**Material supplied**
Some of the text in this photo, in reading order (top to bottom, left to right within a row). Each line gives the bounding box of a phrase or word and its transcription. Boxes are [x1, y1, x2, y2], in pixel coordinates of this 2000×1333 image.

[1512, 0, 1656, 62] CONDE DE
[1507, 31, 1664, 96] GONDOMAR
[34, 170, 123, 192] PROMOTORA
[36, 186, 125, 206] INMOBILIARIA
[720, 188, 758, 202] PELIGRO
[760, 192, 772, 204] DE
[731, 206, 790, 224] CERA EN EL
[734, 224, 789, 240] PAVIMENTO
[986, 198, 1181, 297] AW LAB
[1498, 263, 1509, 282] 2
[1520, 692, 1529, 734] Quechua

**Task item**
The answer must be a verbatim transcription of all the entries.

**Answer for this exercise**
Some of the text in this photo, in reading order (top to bottom, left to right within a row). Each line gives the bounding box of a phrase or word and its transcription. Boxes are [x1, y1, x2, y2], in pixel coordinates of this 2000×1333 image.

[1512, 0, 1656, 62] CONDE DE
[1507, 31, 1664, 96] GONDOMAR
[34, 170, 123, 192] PROMOTORA
[36, 186, 125, 206] INMOBILIARIA
[720, 188, 758, 202] PELIGRO
[760, 192, 772, 204] DE
[731, 206, 790, 224] CERA EN EL
[734, 224, 789, 240] PAVIMENTO
[986, 198, 1181, 297] AW LAB
[1498, 263, 1509, 282] 2
[1520, 692, 1529, 734] Quechua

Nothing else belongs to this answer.